A group of scientists at the Institute of Bioorganic Chemistry named after M.M. Shemyakin and Yu.A. Ovchinnikova of the Russian Academy of Sciences (Moscow) recreated controlled oxidative stress in individual mouse brain cells. For this, an artificial virus was created, which acts as a carrier of a special genetic construct. It provides neurons with a program written in DNA, thanks to which the enzyme D-amino acid oxidase is produced in viruses. On artificially grown neurons infected with the virus, scientists tested that adding D-norvaline to them causes the release of hydrogen peroxide, the longest-lived reactive oxygen species molecule in the cell. The virus was then injected into the hippocampus of laboratory mice using a microsyringe to find out what changes oxidative stress causes in the living brain.

Two weeks later, brain sections 300 µm thick were taken from virus-infected animals. Analysis of the samples included microscopic examination and electrophysiological experiments: the scientists induced oxidative stress in a particular neuron and recorded the electrical activity of that neuron. In all cases, there was a decrease in synaptic plasticity – the ability of nerve cells to strengthen or weaken the connection between neurons and regulate the rate of transmission of nerve impulses. Scientists associate this property of cells with the ability of mammals to learn and remember.

The model of the development of dementia at the cell level was built by scientists for the first time and allows you to determine the signs of the disease at an early stage. In the future, this will help diagnose mental degeneration at the very beginning, when the patient has not yet manifested cognitive impairment.

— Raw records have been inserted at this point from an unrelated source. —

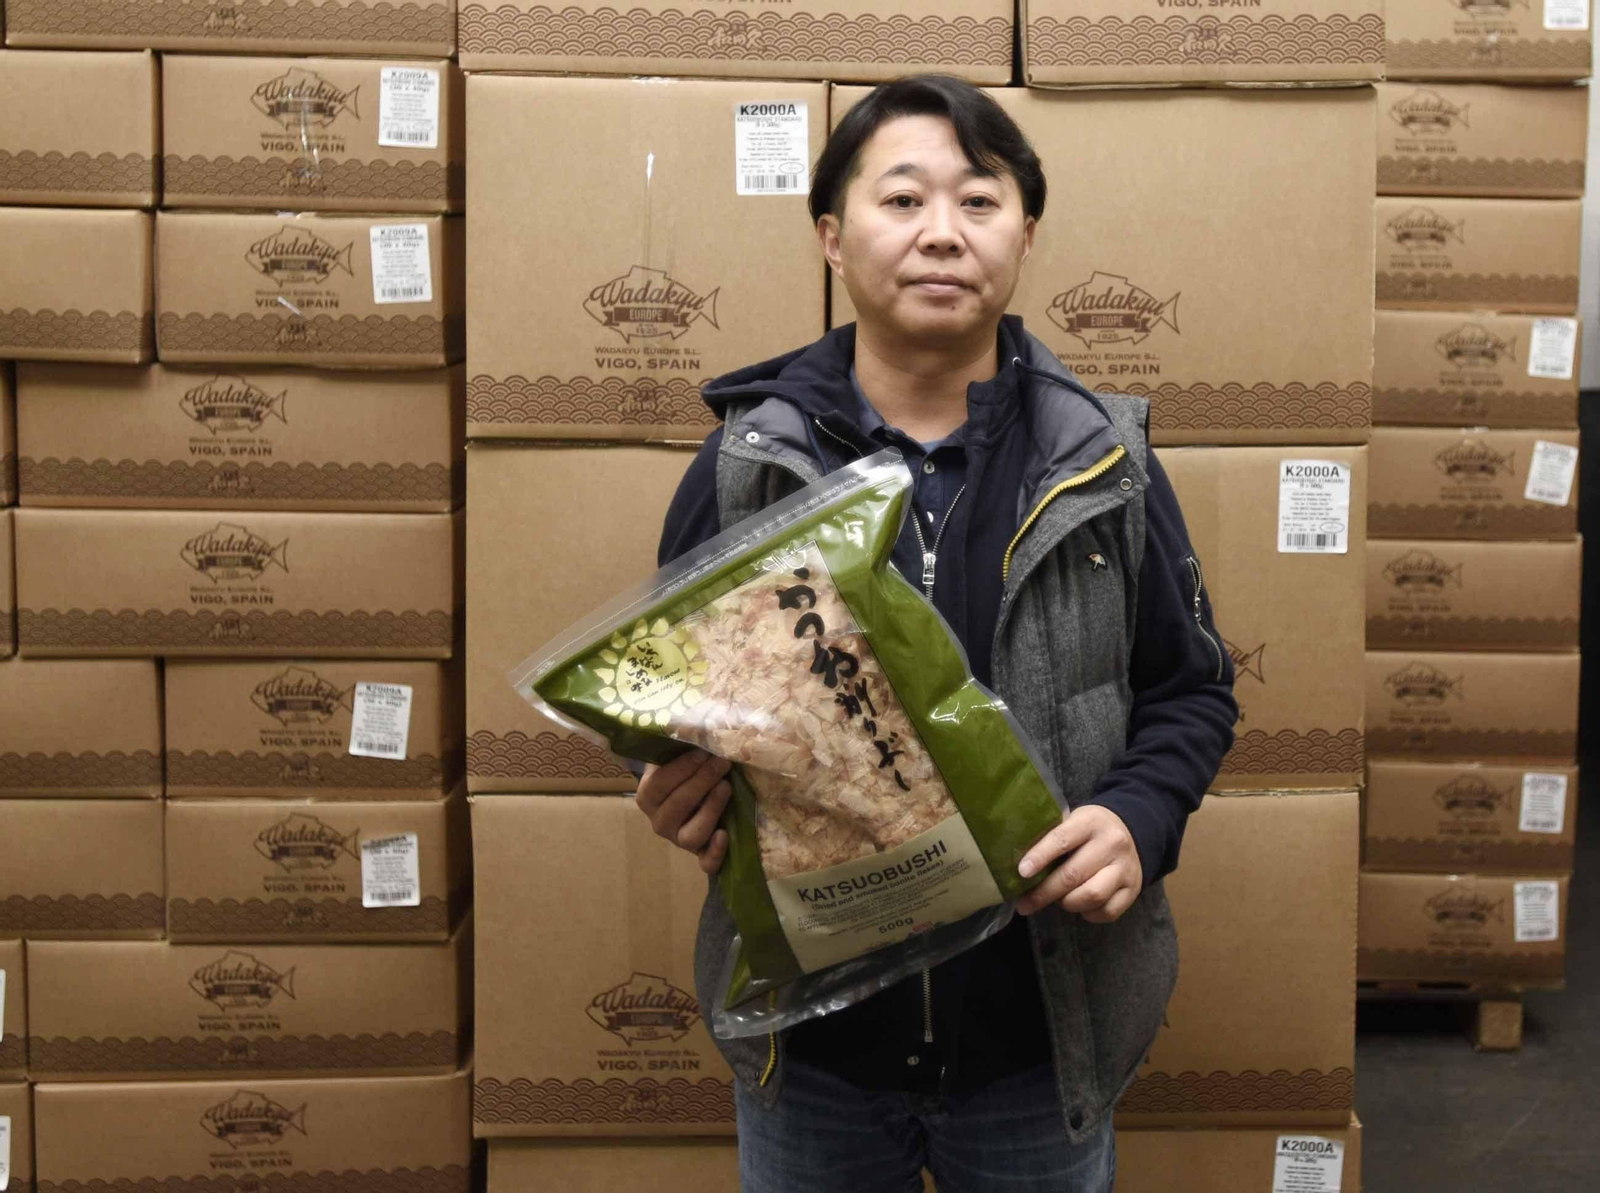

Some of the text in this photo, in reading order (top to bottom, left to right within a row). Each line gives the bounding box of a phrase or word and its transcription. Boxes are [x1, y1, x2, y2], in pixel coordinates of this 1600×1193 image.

[256, 78, 347, 105] Wadakyu
[740, 104, 797, 116] K2000A
[261, 142, 299, 153] VIGO,
[250, 237, 340, 265] Wadakyu
[590, 280, 704, 313] Wadakyu
[1052, 286, 1164, 319] Wadakyu
[629, 309, 663, 321] EUROPE
[1091, 315, 1124, 327] EUROPE
[595, 358, 700, 370] VIGO, SPAIN
[1065, 364, 1160, 375] IGO, SPAIN
[184, 383, 274, 409] Wadakyu
[189, 446, 272, 456] VIGO, SPAIN
[1286, 465, 1339, 477] K2000A
[185, 533, 275, 557] Wadakyu
[190, 595, 274, 605] VIGO, SPAIN
[797, 840, 947, 903] KATSUOBUSHI
[878, 917, 914, 934] 500g
[597, 1060, 700, 1071] VIGO, SPAIN
[1282, 1140, 1334, 1153] K2000A
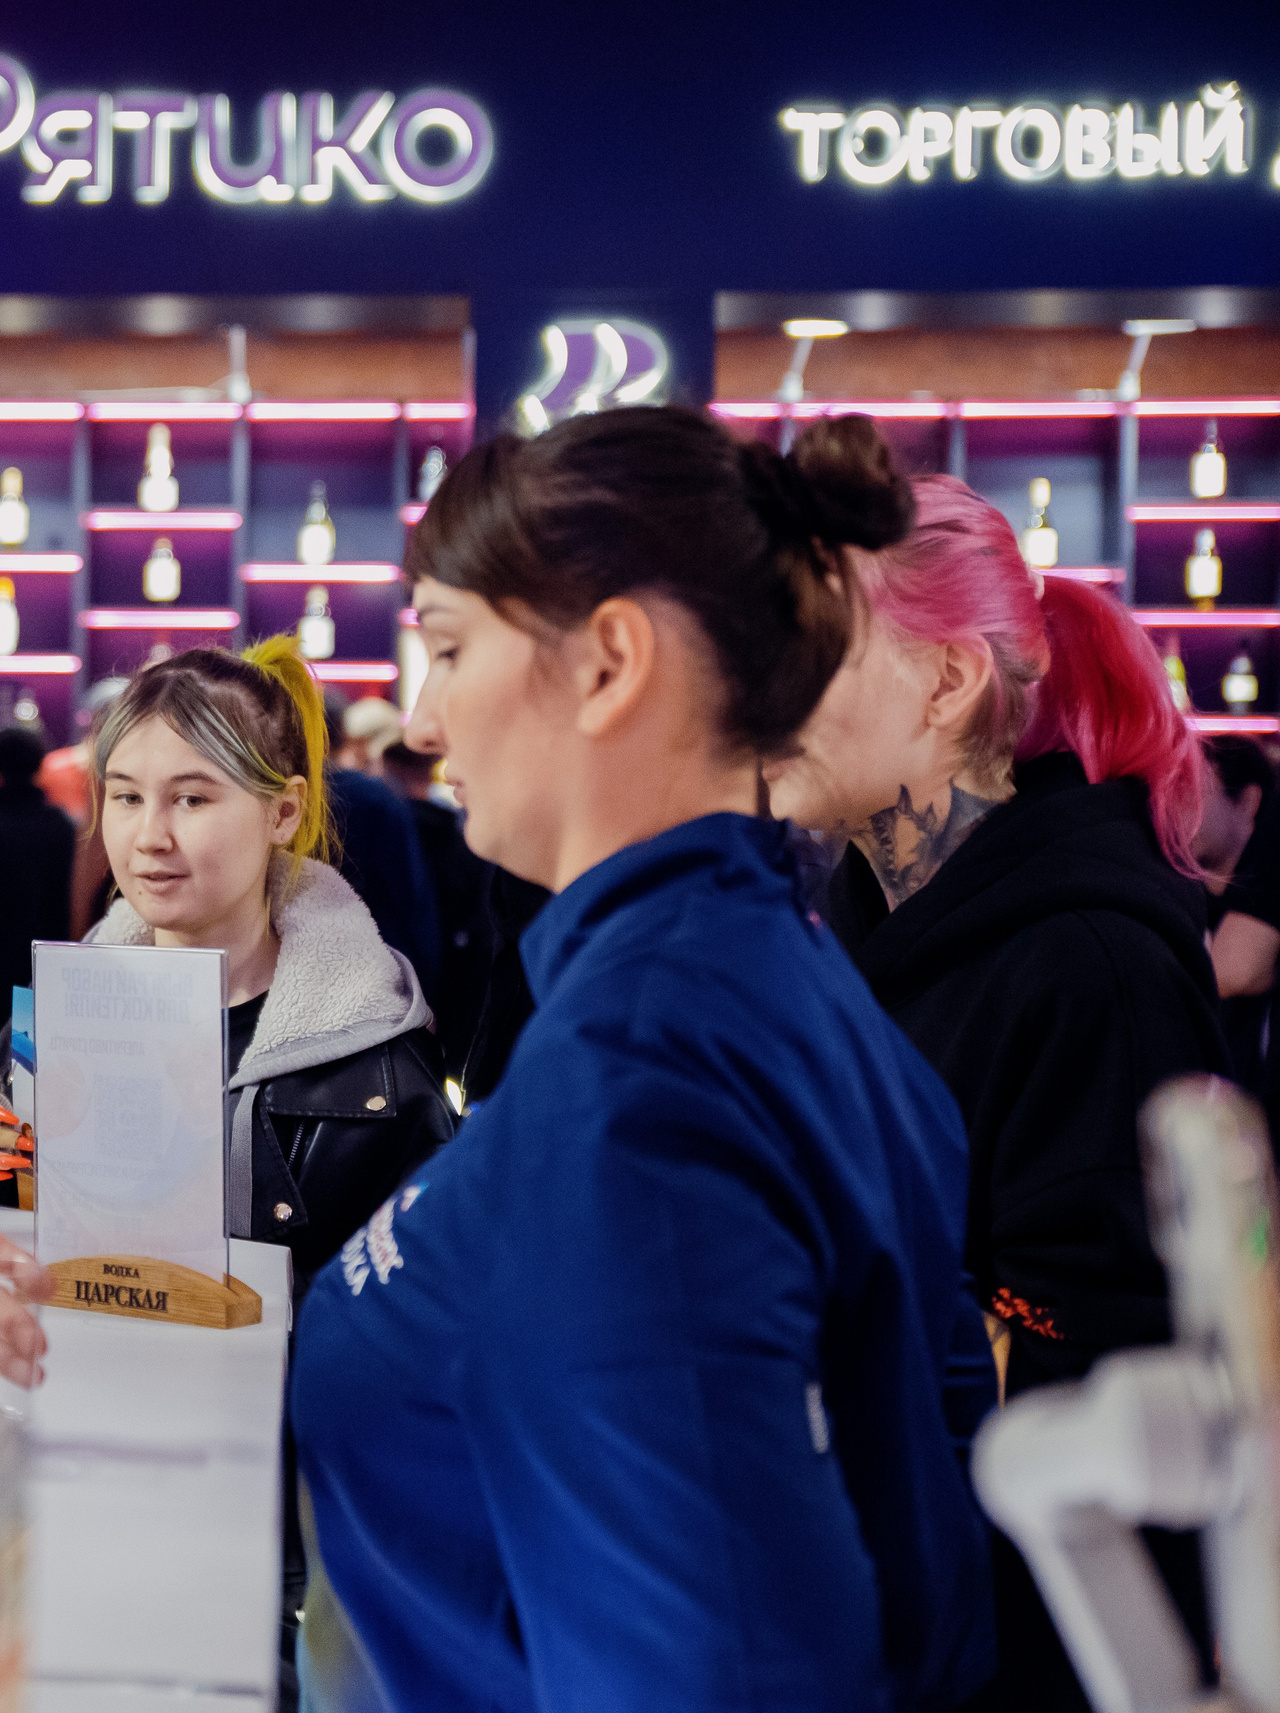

“What we have done on brain slices is a ready-made platform for testing drugs that would improve the function of nerve cells under conditions of oxidative stress. The next step is to obtain evidence that this process in brain cells leads to the development of Alzheimer’s disease. To do this, we will observe animals to understand how their cognitive functions change after exposure to our instrument,” says Oleg Podgorny, Candidate of Biological Sciences, Senior Researcher at the Institute of Bioorganic Chemistry, Russian Academy of Sciences.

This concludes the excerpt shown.